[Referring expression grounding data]
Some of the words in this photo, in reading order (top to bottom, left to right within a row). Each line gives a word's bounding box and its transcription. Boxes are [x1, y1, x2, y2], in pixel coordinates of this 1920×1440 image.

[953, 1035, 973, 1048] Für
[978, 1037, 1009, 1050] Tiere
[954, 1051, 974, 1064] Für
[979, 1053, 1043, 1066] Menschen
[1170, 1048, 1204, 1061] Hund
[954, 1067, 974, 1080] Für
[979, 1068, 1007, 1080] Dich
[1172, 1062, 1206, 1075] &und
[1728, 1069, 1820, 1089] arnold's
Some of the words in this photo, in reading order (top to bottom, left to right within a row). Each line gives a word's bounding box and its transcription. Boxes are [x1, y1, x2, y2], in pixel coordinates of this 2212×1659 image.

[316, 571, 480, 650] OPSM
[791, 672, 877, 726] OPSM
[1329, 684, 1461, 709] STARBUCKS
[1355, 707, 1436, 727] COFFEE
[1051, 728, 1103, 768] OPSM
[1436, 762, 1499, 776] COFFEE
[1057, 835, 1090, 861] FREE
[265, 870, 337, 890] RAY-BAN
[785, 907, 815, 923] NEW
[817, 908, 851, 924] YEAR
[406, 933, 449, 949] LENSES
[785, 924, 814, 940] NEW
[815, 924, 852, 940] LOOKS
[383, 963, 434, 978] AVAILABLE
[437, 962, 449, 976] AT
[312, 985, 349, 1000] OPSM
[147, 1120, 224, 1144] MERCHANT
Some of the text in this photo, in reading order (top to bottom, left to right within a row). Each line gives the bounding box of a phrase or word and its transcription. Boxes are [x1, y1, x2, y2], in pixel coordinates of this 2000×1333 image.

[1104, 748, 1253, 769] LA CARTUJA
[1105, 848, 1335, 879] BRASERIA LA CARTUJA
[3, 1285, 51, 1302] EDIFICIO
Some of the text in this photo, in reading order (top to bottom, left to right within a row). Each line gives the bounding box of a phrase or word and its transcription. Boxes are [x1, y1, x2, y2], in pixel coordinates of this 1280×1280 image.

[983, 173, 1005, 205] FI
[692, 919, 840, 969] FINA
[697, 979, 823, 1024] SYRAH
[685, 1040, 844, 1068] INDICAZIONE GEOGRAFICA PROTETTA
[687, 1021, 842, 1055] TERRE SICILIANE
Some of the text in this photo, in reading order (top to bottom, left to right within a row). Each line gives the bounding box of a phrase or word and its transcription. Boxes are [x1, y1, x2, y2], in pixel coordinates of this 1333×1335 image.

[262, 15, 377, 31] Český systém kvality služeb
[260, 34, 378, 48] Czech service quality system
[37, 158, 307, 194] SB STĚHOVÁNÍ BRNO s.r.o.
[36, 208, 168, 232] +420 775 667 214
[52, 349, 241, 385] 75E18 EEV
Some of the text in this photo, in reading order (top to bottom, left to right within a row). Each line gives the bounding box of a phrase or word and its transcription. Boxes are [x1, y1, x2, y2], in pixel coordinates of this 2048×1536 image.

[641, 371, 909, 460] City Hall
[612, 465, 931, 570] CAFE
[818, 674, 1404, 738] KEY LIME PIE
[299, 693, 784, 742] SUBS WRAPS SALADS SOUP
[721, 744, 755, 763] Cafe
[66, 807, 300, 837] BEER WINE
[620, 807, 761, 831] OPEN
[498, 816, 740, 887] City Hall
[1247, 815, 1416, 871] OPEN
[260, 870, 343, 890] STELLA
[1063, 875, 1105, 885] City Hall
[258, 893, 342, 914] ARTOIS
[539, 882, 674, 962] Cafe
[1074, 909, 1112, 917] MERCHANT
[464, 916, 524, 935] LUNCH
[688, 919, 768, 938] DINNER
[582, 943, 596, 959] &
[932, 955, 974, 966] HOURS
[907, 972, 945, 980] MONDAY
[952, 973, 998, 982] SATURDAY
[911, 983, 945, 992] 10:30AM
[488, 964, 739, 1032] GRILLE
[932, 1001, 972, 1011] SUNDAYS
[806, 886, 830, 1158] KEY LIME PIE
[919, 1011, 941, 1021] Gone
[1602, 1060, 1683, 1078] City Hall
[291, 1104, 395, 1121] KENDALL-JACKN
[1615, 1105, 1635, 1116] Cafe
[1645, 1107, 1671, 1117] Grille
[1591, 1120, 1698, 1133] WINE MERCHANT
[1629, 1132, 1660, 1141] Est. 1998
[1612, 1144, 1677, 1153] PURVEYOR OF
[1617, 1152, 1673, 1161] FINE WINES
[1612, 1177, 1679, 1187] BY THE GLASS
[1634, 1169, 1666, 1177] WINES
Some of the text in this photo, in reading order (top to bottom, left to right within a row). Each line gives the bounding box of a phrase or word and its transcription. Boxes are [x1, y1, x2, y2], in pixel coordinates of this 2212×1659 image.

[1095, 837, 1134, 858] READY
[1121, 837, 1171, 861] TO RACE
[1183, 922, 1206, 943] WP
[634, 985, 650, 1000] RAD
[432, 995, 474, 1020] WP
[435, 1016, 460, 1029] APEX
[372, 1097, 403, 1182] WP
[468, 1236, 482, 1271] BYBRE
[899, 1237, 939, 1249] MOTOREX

WHAT IS BEING ASKED: Could you return all of the entries exactly as they stand?

TASK RESPONSE:
Some of the words in this photo, in reading order (top to bottom, left to right within a row). Each line gives a word's bounding box and its transcription. Boxes are [x1, y1, x2, y2], in pixel coordinates of this 1920×1440 image.

[953, 1035, 973, 1048] Für
[978, 1037, 1009, 1050] Tiere
[954, 1051, 974, 1064] Für
[979, 1053, 1043, 1066] Menschen
[1170, 1048, 1204, 1061] Hund
[954, 1067, 974, 1080] Für
[979, 1068, 1007, 1080] Dich
[1172, 1062, 1206, 1075] &und
[1728, 1069, 1820, 1089] arnold's
Some of the words in this photo, in reading order (top to bottom, left to right within a row). Each line gives a word's bounding box and its transcription. Boxes are [x1, y1, x2, y2], in pixel coordinates of this 2212×1659 image.

[316, 571, 480, 650] OPSM
[791, 672, 877, 726] OPSM
[1329, 684, 1461, 709] STARBUCKS
[1355, 707, 1436, 727] COFFEE
[1051, 728, 1103, 768] OPSM
[1436, 762, 1499, 776] COFFEE
[1057, 835, 1090, 861] FREE
[265, 870, 337, 890] RAY-BAN
[785, 907, 815, 923] NEW
[817, 908, 851, 924] YEAR
[406, 933, 449, 949] LENSES
[785, 924, 814, 940] NEW
[815, 924, 852, 940] LOOKS
[383, 963, 434, 978] AVAILABLE
[437, 962, 449, 976] AT
[312, 985, 349, 1000] OPSM
[147, 1120, 224, 1144] MERCHANT
Some of the text in this photo, in reading order (top to bottom, left to right within a row). Each line gives the bounding box of a phrase or word and its transcription. Boxes are [x1, y1, x2, y2], in pixel coordinates of this 2000×1333 image.

[1104, 748, 1253, 769] LA CARTUJA
[1105, 848, 1335, 879] BRASERIA LA CARTUJA
[3, 1285, 51, 1302] EDIFICIO
Some of the text in this photo, in reading order (top to bottom, left to right within a row). Each line gives the bounding box of a phrase or word and its transcription. Boxes are [x1, y1, x2, y2], in pixel coordinates of this 1280×1280 image.

[983, 173, 1005, 205] FI
[692, 919, 840, 969] FINA
[697, 979, 823, 1024] SYRAH
[685, 1040, 844, 1068] INDICAZIONE GEOGRAFICA PROTETTA
[687, 1021, 842, 1055] TERRE SICILIANE
Some of the text in this photo, in reading order (top to bottom, left to right within a row). Each line gives the bounding box of a phrase or word and its transcription. Boxes are [x1, y1, x2, y2], in pixel coordinates of this 1333×1335 image.

[262, 15, 377, 31] Český systém kvality služeb
[260, 34, 378, 48] Czech service quality system
[37, 158, 307, 194] SB STĚHOVÁNÍ BRNO s.r.o.
[36, 208, 168, 232] +420 775 667 214
[52, 349, 241, 385] 75E18 EEV
Some of the text in this photo, in reading order (top to bottom, left to right within a row). Each line gives the bounding box of a phrase or word and its transcription. Boxes are [x1, y1, x2, y2], in pixel coordinates of this 2048×1536 image.

[641, 371, 909, 460] City Hall
[612, 465, 931, 570] CAFE
[818, 674, 1404, 738] KEY LIME PIE
[299, 693, 784, 742] SUBS WRAPS SALADS SOUP
[721, 744, 755, 763] Cafe
[66, 807, 300, 837] BEER WINE
[620, 807, 761, 831] OPEN
[498, 816, 740, 887] City Hall
[1247, 815, 1416, 871] OPEN
[260, 870, 343, 890] STELLA
[1063, 875, 1105, 885] City Hall
[258, 893, 342, 914] ARTOIS
[539, 882, 674, 962] Cafe
[1074, 909, 1112, 917] MERCHANT
[464, 916, 524, 935] LUNCH
[688, 919, 768, 938] DINNER
[582, 943, 596, 959] &
[932, 955, 974, 966] HOURS
[907, 972, 945, 980] MONDAY
[952, 973, 998, 982] SATURDAY
[911, 983, 945, 992] 10:30AM
[488, 964, 739, 1032] GRILLE
[932, 1001, 972, 1011] SUNDAYS
[806, 886, 830, 1158] KEY LIME PIE
[919, 1011, 941, 1021] Gone
[1602, 1060, 1683, 1078] City Hall
[291, 1104, 395, 1121] KENDALL-JACKN
[1615, 1105, 1635, 1116] Cafe
[1645, 1107, 1671, 1117] Grille
[1591, 1120, 1698, 1133] WINE MERCHANT
[1629, 1132, 1660, 1141] Est. 1998
[1612, 1144, 1677, 1153] PURVEYOR OF
[1617, 1152, 1673, 1161] FINE WINES
[1612, 1177, 1679, 1187] BY THE GLASS
[1634, 1169, 1666, 1177] WINES
Some of the text in this photo, in reading order (top to bottom, left to right within a row). Each line gives the bounding box of a phrase or word and its transcription. Boxes are [x1, y1, x2, y2], in pixel coordinates of this 2212×1659 image.

[1095, 837, 1134, 858] READY
[1121, 837, 1171, 861] TO RACE
[1183, 922, 1206, 943] WP
[634, 985, 650, 1000] RAD
[432, 995, 474, 1020] WP
[435, 1016, 460, 1029] APEX
[372, 1097, 403, 1182] WP
[468, 1236, 482, 1271] BYBRE
[899, 1237, 939, 1249] MOTOREX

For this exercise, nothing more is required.